O presidente nacional do PT, Edinho Silva, informou nesta quarta-feira (22) que o partido analisa a adoção de medidas judiciais contra o senador e pré-candidato à Presidência da República Flávio Bolsonaro (PL). A manifestação ocorre após declarações do parlamentar sobre as urnas eletrônicas durante um encontro com diplomatas realizado na terça-feira (21), em Brasília.
Em nota, Edinho afirmou que Flávio reproduziu o mesmo discurso utilizado por Jair Bolsonaro nas eleições de 2022 e classificou a postura como uma continuidade da estratégia adotada pelo ex-presidente. “O senador reuniu diplomatas internacionais para questionar as urnas eletrônicas e, por consequência, o sistema eleitoral brasileiro, pelo qual ele foi eleito parlamentar por diversas vezes, bem como seus familiares”, diz Edinho.

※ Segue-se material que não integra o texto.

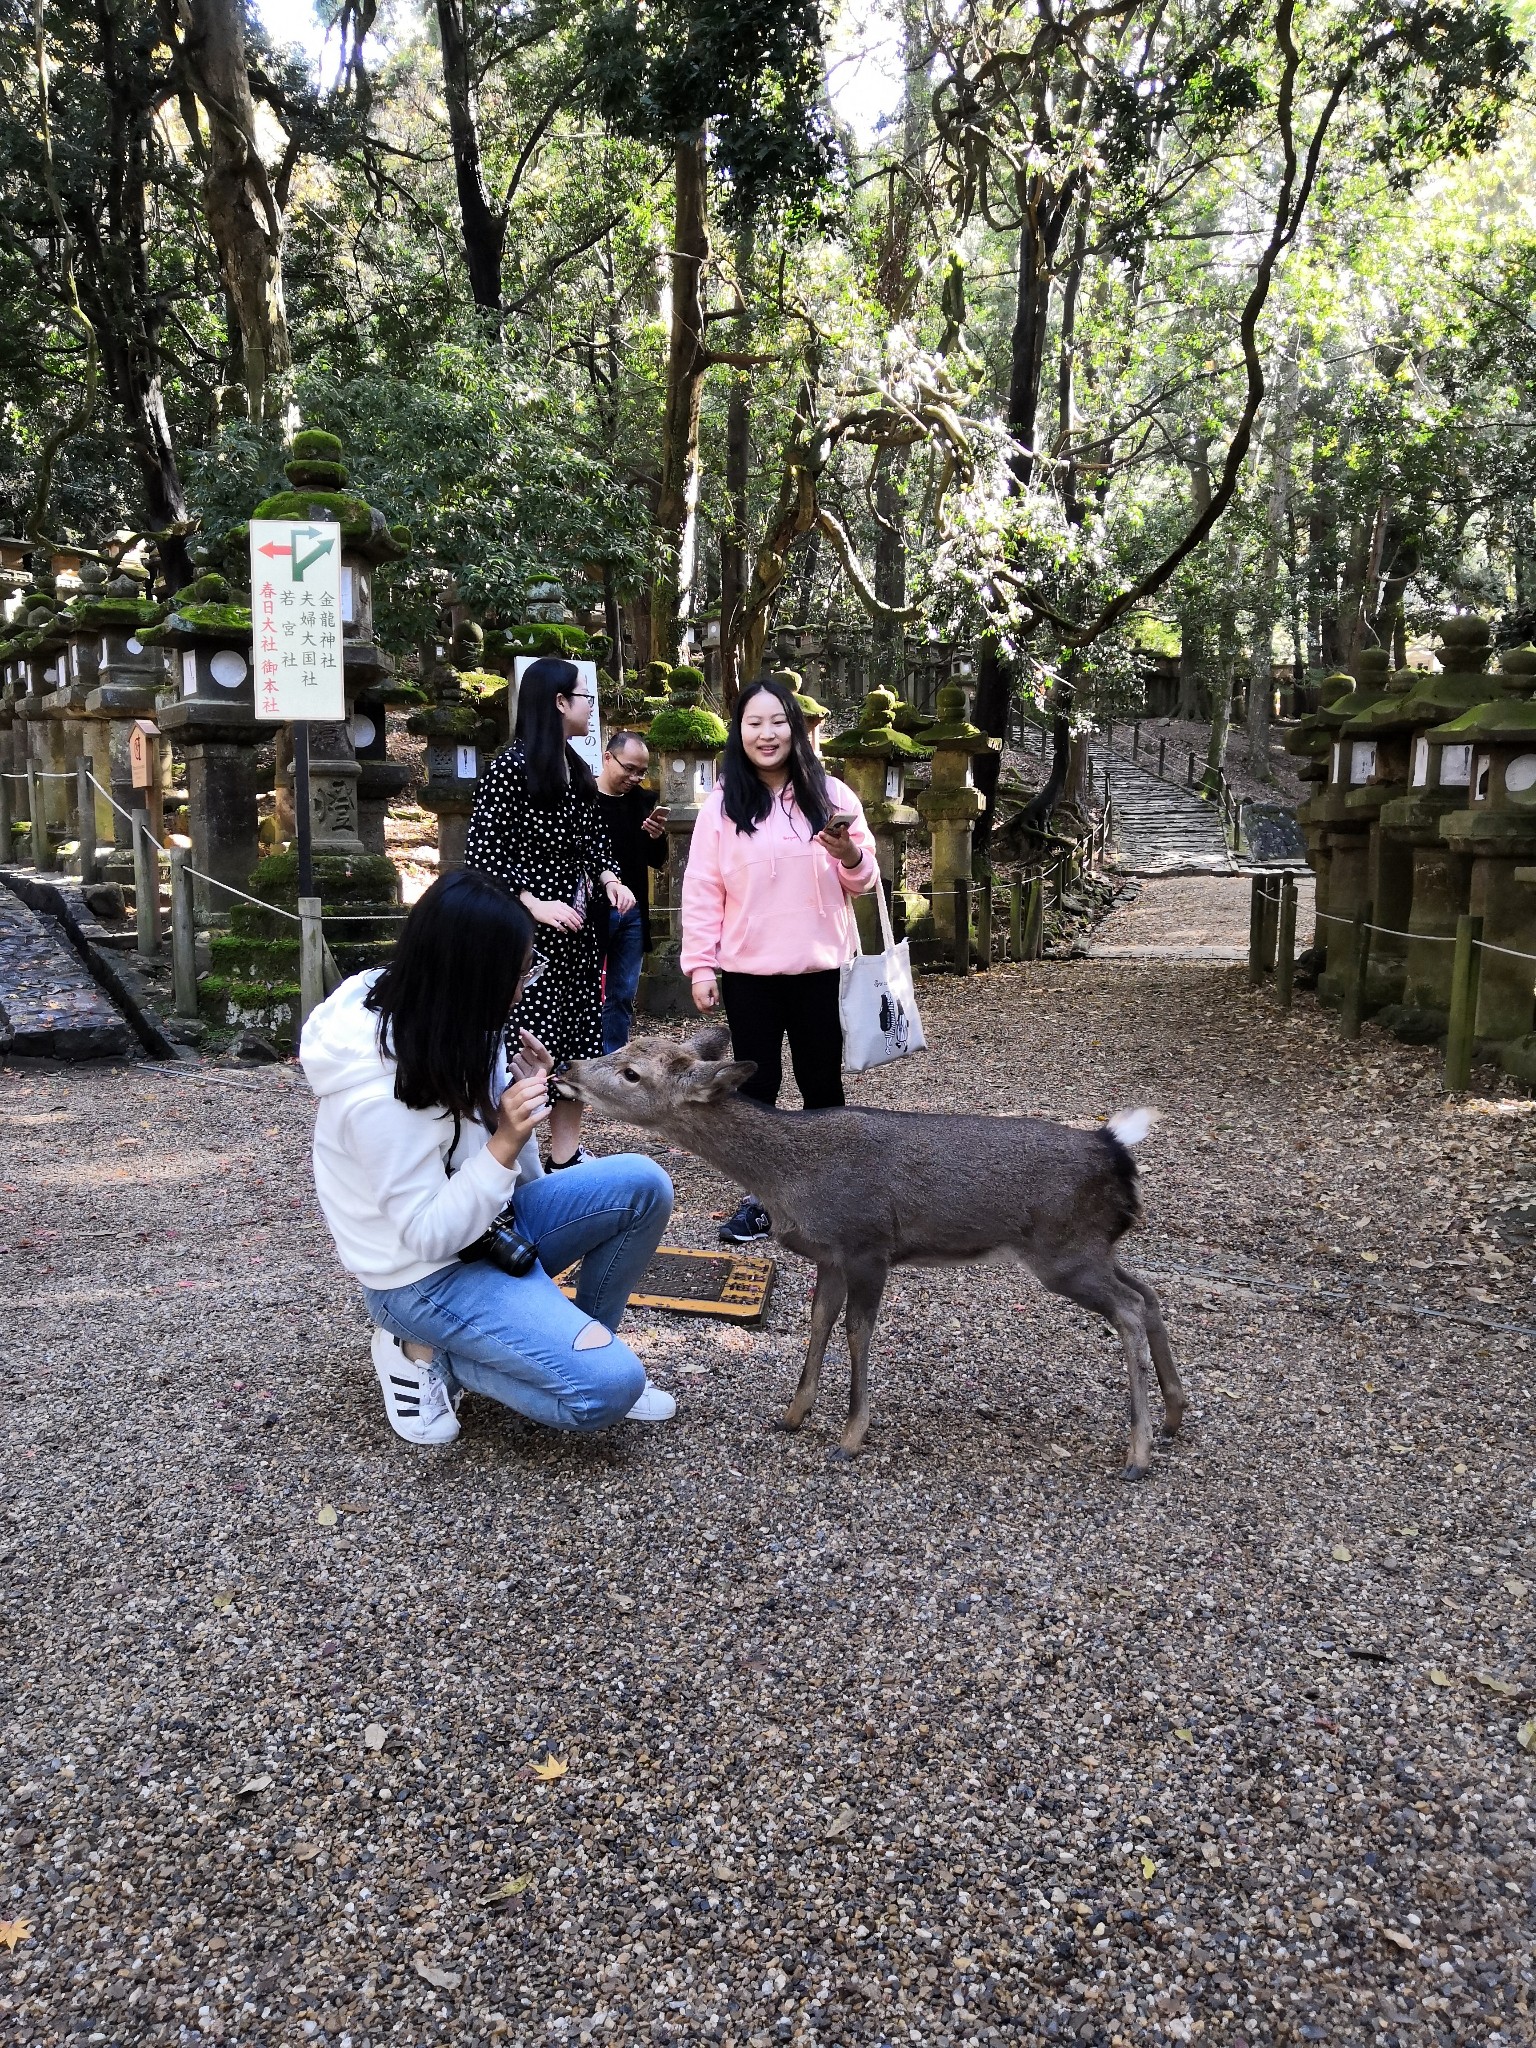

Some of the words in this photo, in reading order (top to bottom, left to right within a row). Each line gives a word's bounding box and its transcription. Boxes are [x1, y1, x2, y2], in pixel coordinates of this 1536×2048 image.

[279, 589, 298, 667] 若宮社
[299, 590, 318, 687] 夫婦大国社
[318, 590, 337, 668] 金龍神社

O dirigente petista também afirmou que a declaração tem caráter antidemocrático e relacionou esse tipo de discurso aos acontecimentos que culminaram na tentativa de golpe investigada após os atos de janeiro de 2023. “Como provado na investigação e, posteriormente, no julgamento, da tentativa de golpe de janeiro de 23, tentar descredibilizar as urnas é método contra a nossa democracia”, destacou.

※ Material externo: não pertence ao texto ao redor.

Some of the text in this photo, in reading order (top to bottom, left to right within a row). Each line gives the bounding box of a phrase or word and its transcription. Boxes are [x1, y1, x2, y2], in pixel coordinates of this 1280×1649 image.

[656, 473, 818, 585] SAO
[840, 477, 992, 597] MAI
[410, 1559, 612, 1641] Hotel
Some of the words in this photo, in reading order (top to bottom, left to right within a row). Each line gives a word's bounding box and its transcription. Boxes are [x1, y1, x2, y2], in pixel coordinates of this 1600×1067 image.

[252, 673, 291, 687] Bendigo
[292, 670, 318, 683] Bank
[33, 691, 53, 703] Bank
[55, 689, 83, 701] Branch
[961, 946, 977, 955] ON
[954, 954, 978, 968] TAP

Ao encerrar a nota, Edinho afirmou que o partido estuda as providências jurídicas cabíveis e reforçou que o PT permanece ao “lado da democracia e em defesa das urnas eletrônicas e do sistema eleitoral brasileiro”. Durante o encontro com diplomatas, Flávio Bolsonaro voltou a levantar questionamentos sobre a segurança das urnas eletrônicas e apresentou informações que já haviam sido contestadas pelo Tribunal Superior Eleitoral (TSE).
O senador afirmou que as urnas eletrônicas brasileiras têm a mesma origem das urnas da empresa venezuelana Smartmatic, supostamente envolvida em um esquema de fraude nas eleições da Venezuela em 2012, segundo um relatório da Agência Central de Inteligência (CIA), dos Estados Unidos, divulgado nesta semana.
“O pedido que eu faço a todos aqui, não estou questionando o sistema de votação brasileiro, mas que todos os países possam mandar a maior quantidade de observadores possíveis para as nossas eleições, como sempre fazem, e também pessoas que tenham conhecimento sobre essa tecnologia e [sobre] como o Brasil pode dar eleições mais seguras e transparentes”, expôs.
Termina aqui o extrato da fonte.